▸ THE TASK
Reproduce the records exactly. Leave the pictures out.

BEGIN RECORD EXCERPTS

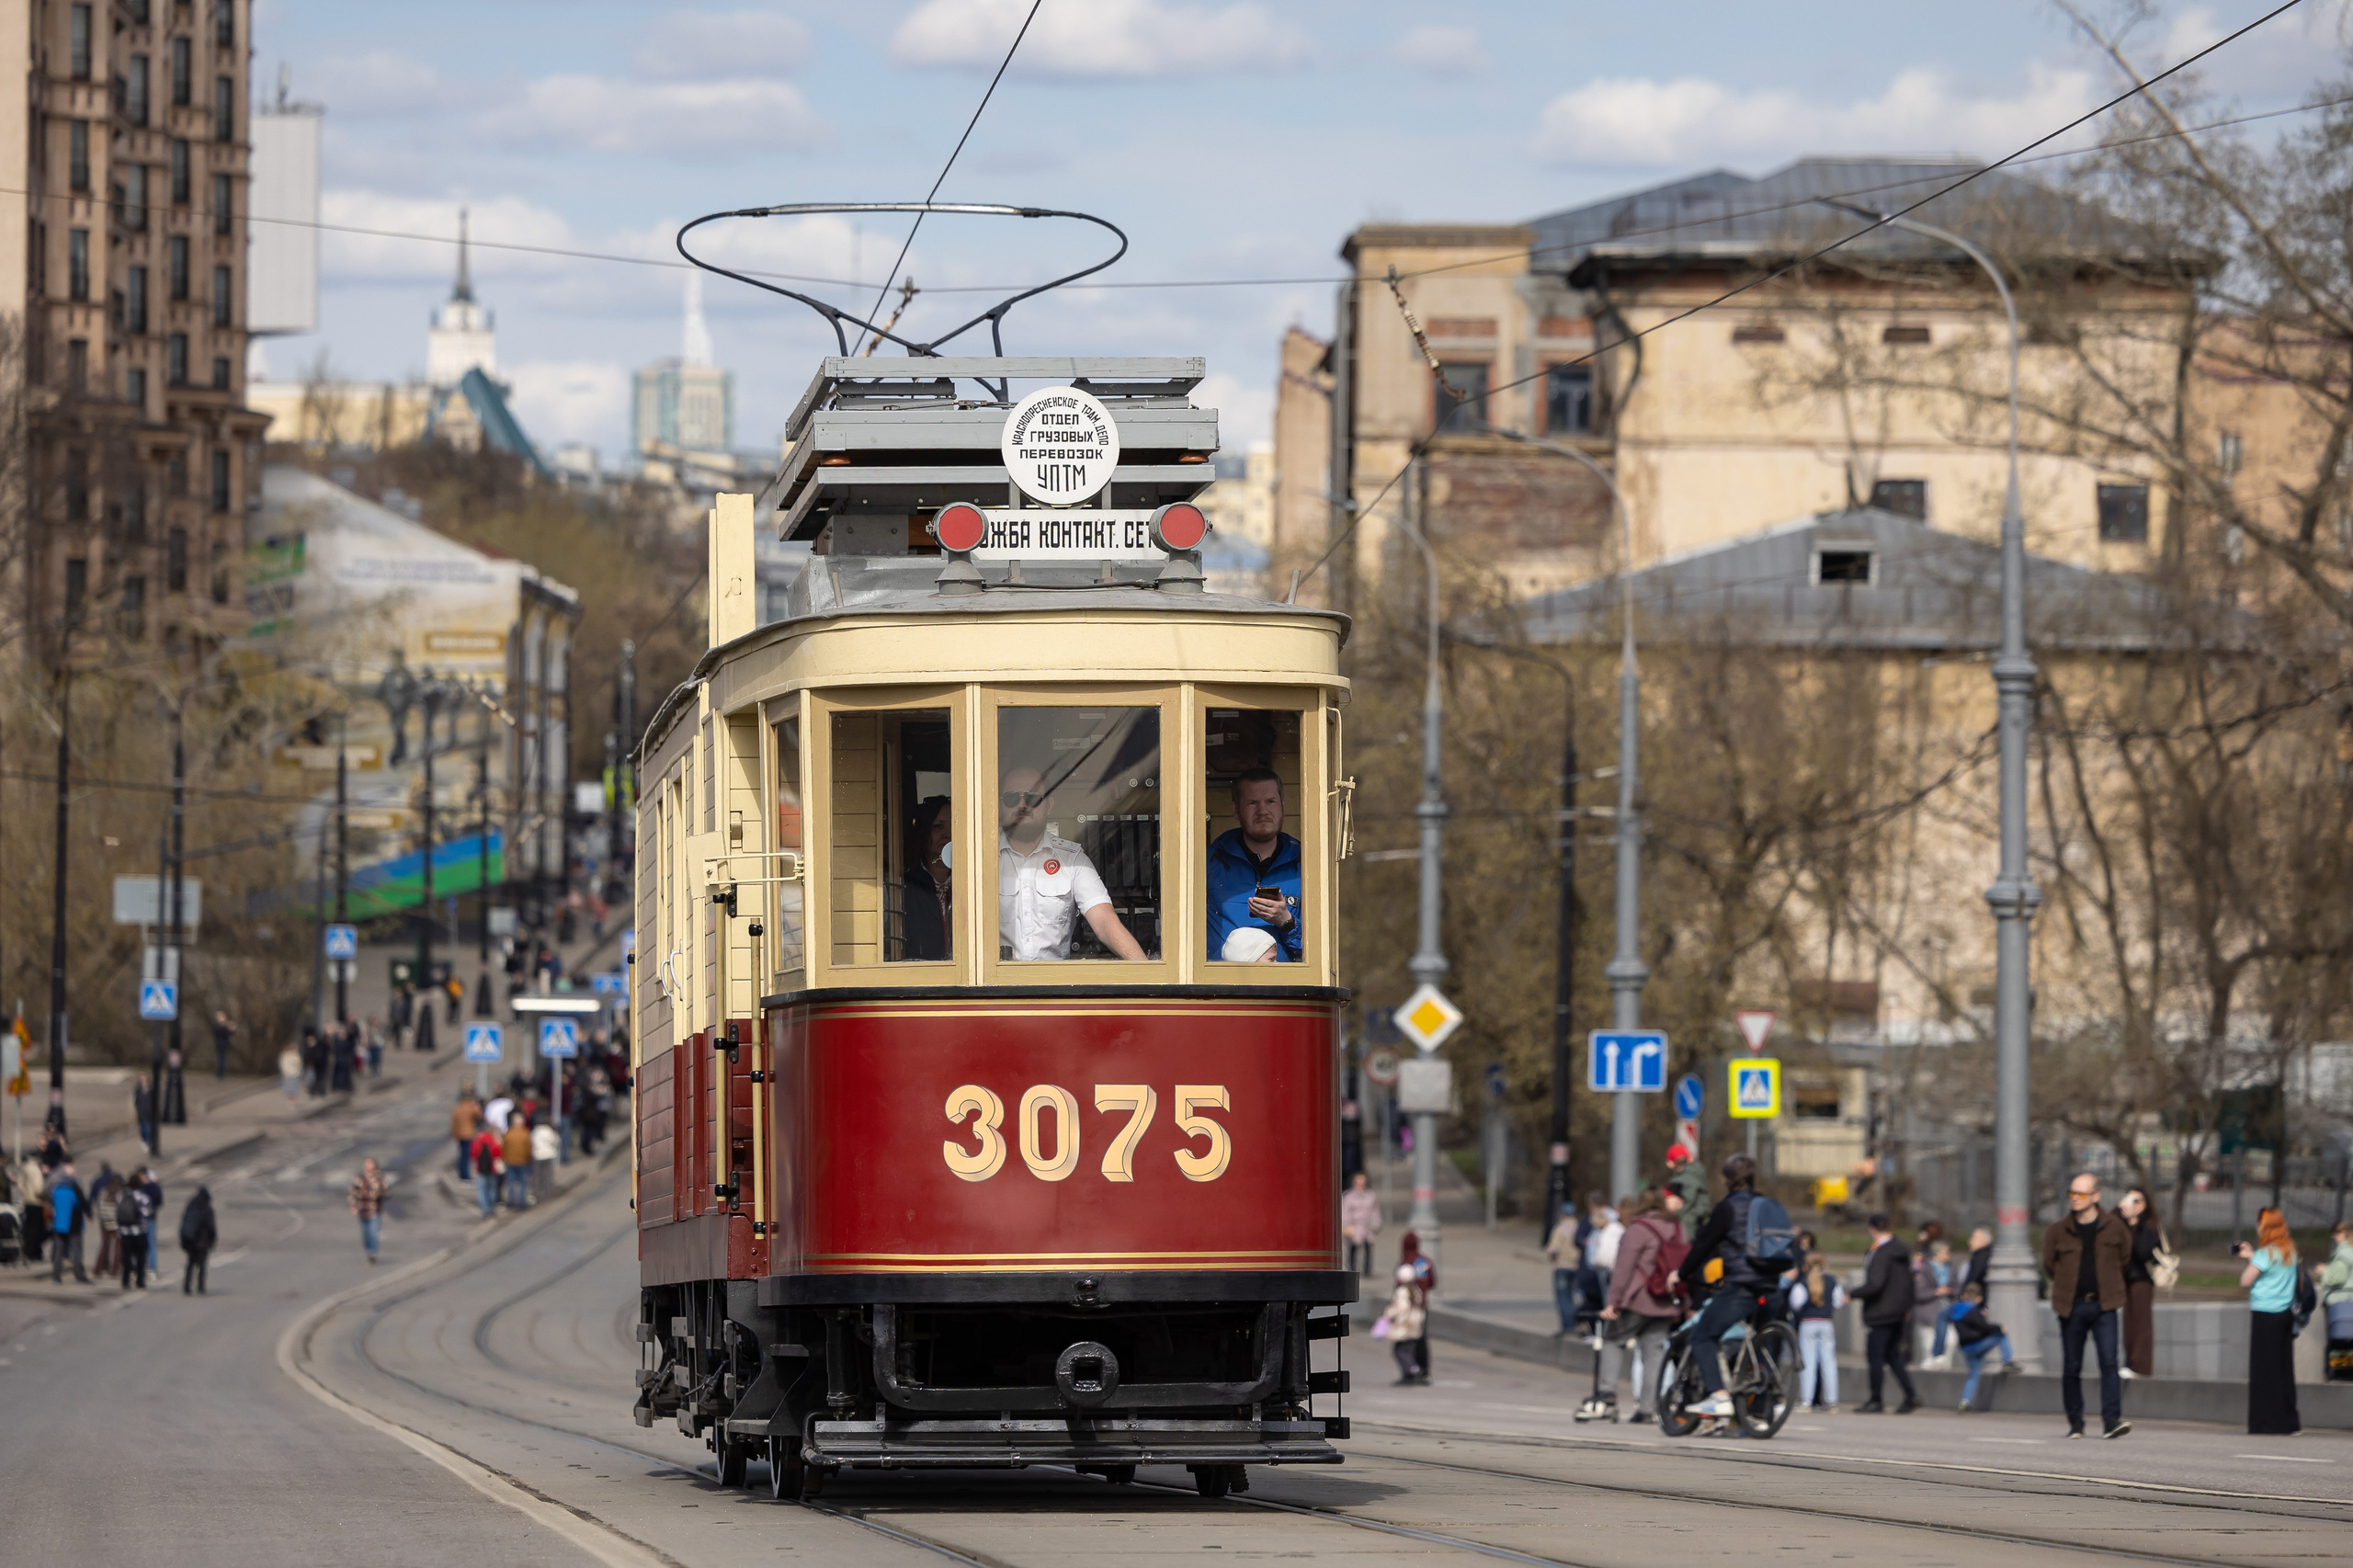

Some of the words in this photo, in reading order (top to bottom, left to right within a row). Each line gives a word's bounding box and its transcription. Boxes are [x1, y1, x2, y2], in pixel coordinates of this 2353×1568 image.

[1012, 396, 1079, 445] КРАСНОПРЕСНЕНСКОЕ
[1081, 403, 1101, 426] ТРАМ.
[1095, 423, 1108, 446] ДЕПО
[1041, 414, 1079, 425] ОТДЕЛ
[1030, 431, 1094, 442] ГРУЗОВЫХ
[1019, 449, 1103, 459] ПЕРЕВОЗОК
[1037, 464, 1086, 492] УПТМ
[1040, 521, 1119, 549] КОНТАКТ.
[943, 1084, 1232, 1183] 3075

END RECORD EXCERPTS

▸ TASK SOLUTION
Some of the words in this photo, in reading order (top to bottom, left to right within a row). Each line gives a word's bounding box and its transcription. Boxes are [x1, y1, x2, y2], in pixel coordinates of this 2353×1568 image.

[1012, 396, 1079, 445] КРАСНОПРЕСНЕНСКОЕ
[1081, 403, 1101, 426] ТРАМ.
[1095, 423, 1108, 446] ДЕПО
[1041, 414, 1079, 425] ОТДЕЛ
[1030, 431, 1094, 442] ГРУЗОВЫХ
[1019, 449, 1103, 459] ПЕРЕВОЗОК
[1037, 464, 1086, 492] УПТМ
[1040, 521, 1119, 549] КОНТАКТ.
[943, 1084, 1232, 1183] 3075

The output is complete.